Description of the task:
Quote the entries word for word. Omit the pictures.

(Annotated photo localization data)
——————

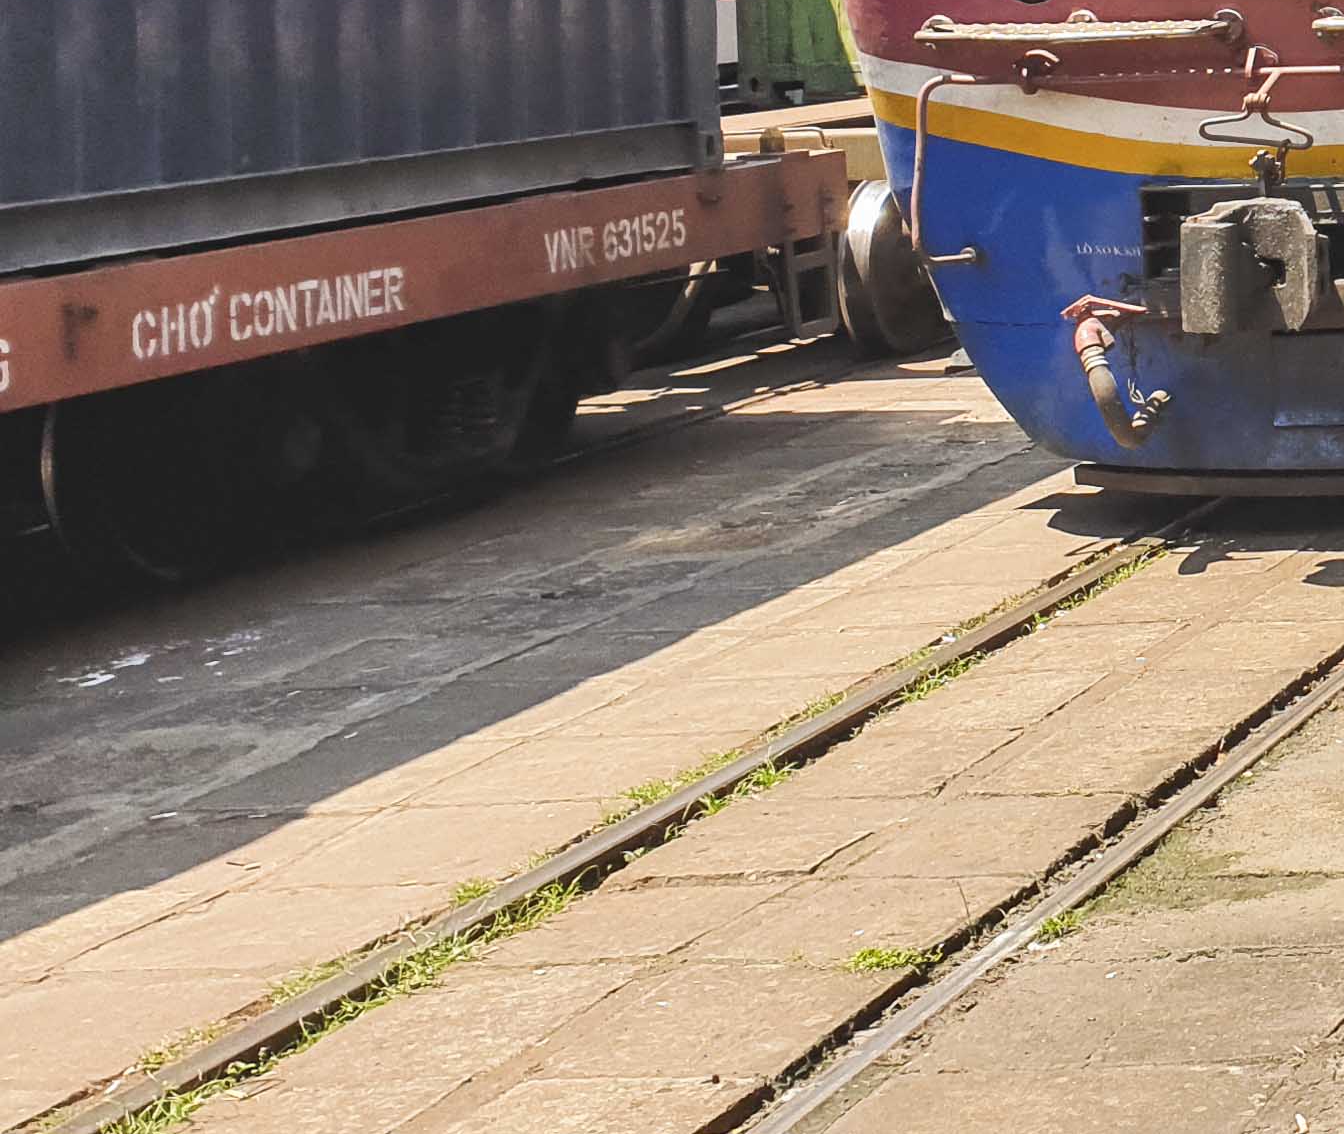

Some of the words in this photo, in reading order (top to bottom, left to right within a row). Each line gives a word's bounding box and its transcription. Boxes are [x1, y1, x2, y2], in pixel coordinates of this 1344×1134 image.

[544, 226, 595, 273] VNR
[603, 209, 686, 262] 631525
[229, 267, 404, 342] CONTAINER
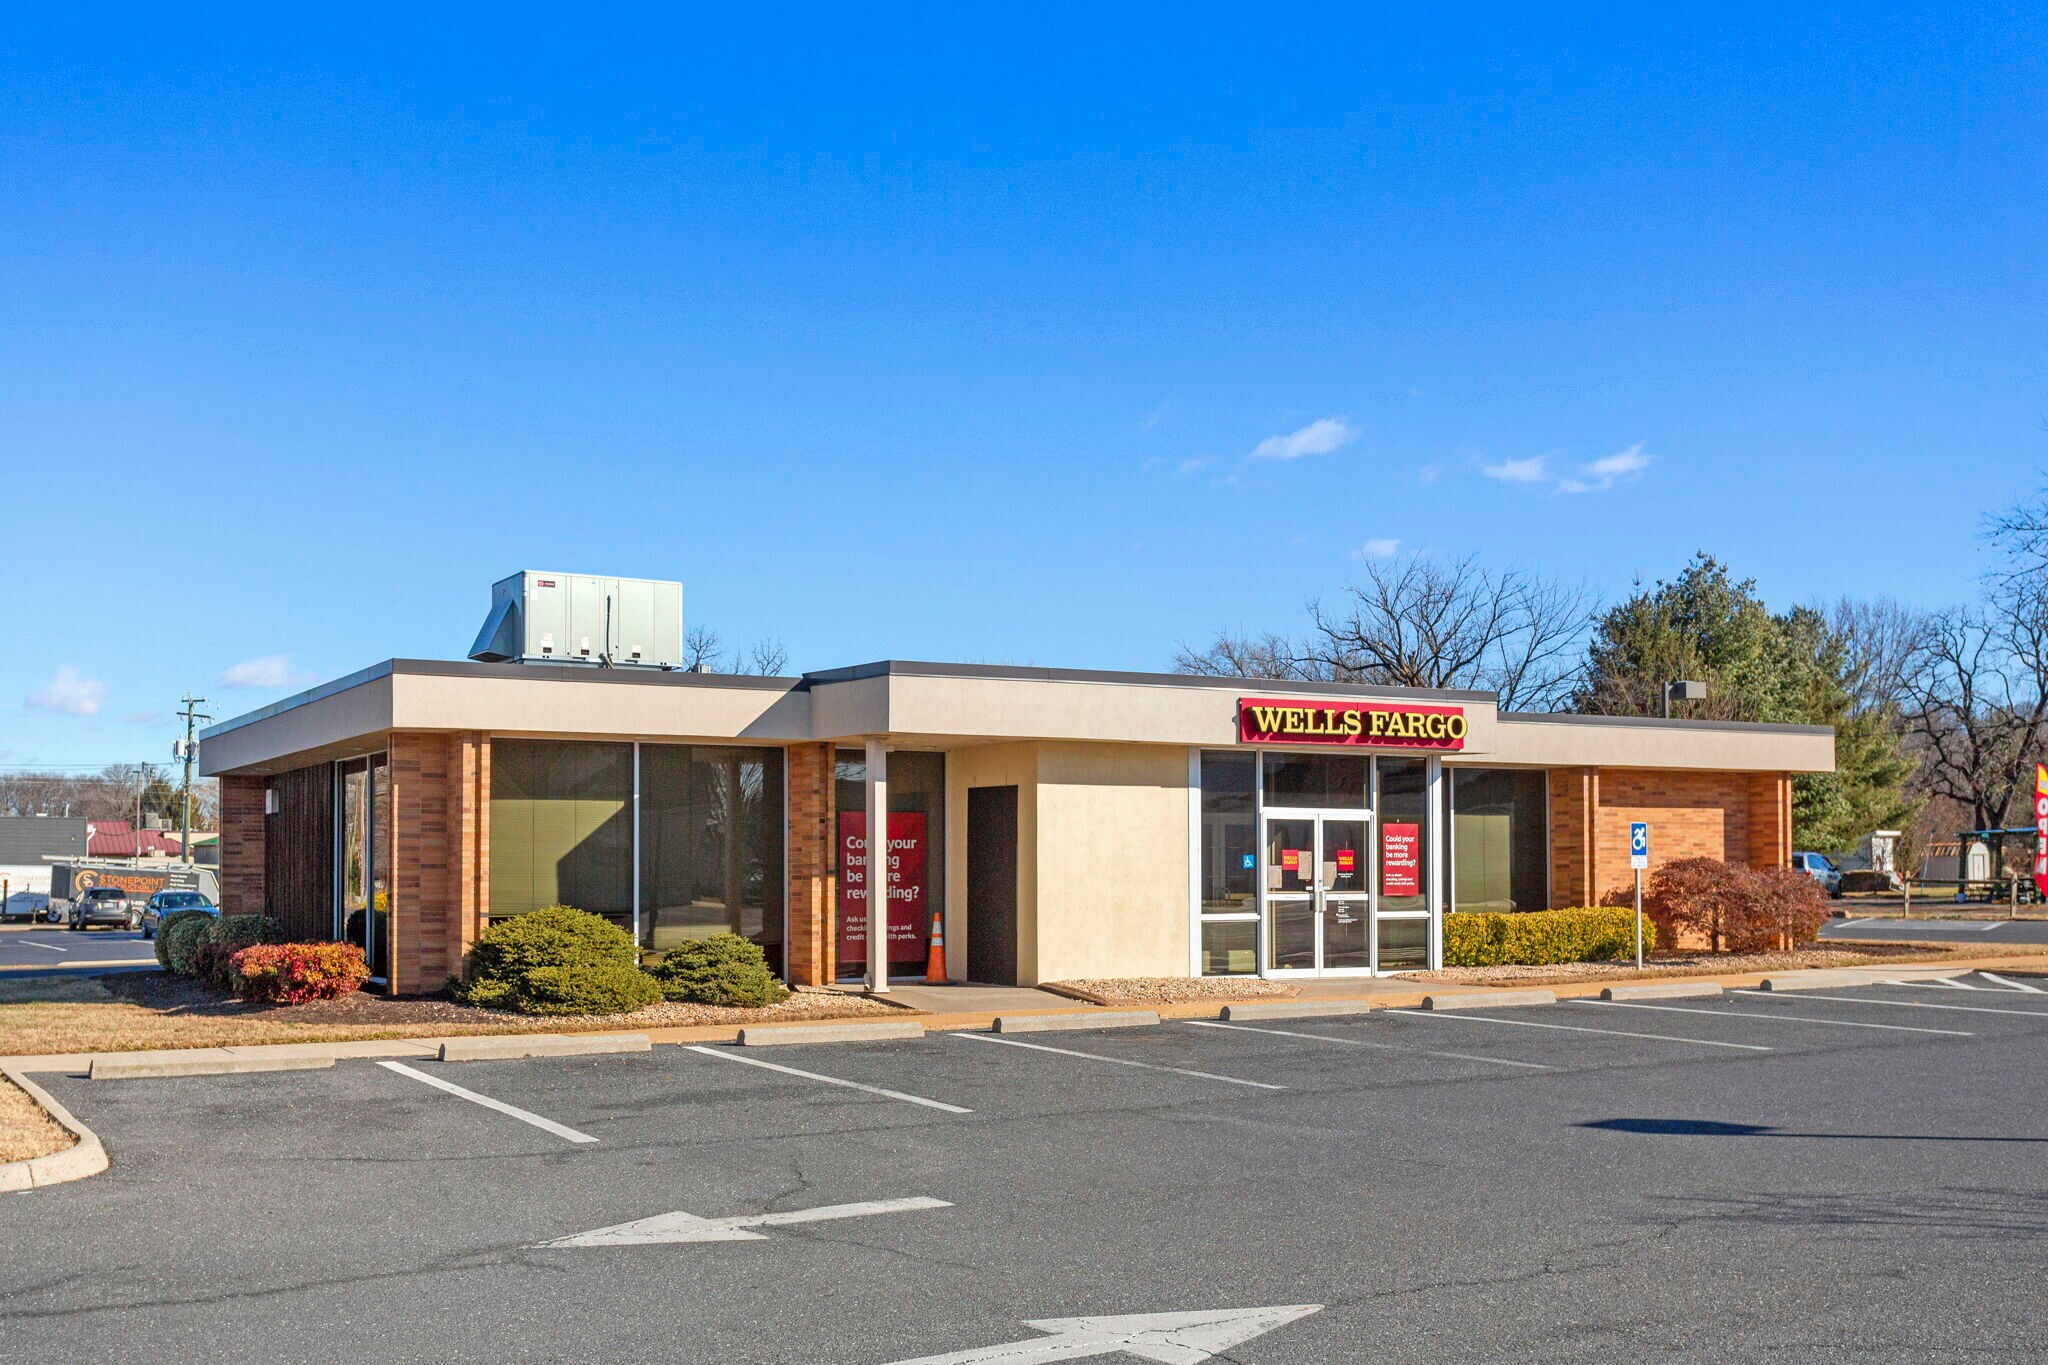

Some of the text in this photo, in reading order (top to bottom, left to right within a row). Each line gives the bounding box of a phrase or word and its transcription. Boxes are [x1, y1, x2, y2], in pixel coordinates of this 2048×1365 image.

[1252, 706, 1469, 739] WELLS FARGO
[887, 839, 917, 852] your
[1386, 843, 1408, 851] banking
[100, 875, 165, 886] STONEPOINT
[847, 869, 863, 882] be
[898, 933, 917, 941] perks.

——————

Output:
Some of the words in this photo, in reading order (top to bottom, left to right within a row). Each line gives a word's bounding box and its transcription. Boxes are [x1, y1, x2, y2], in pixel coordinates of this 1344×1134 image.

[544, 226, 595, 273] VNR
[603, 209, 686, 262] 631525
[229, 267, 404, 342] CONTAINER

Some of the text in this photo, in reading order (top to bottom, left to right within a row). Each line gives the bounding box of a phrase or word and its transcription. Boxes are [x1, y1, x2, y2], in pixel coordinates of this 2048×1365 image.

[1252, 706, 1469, 739] WELLS FARGO
[887, 839, 917, 852] your
[1386, 843, 1408, 851] banking
[100, 875, 165, 886] STONEPOINT
[847, 869, 863, 882] be
[898, 933, 917, 941] perks.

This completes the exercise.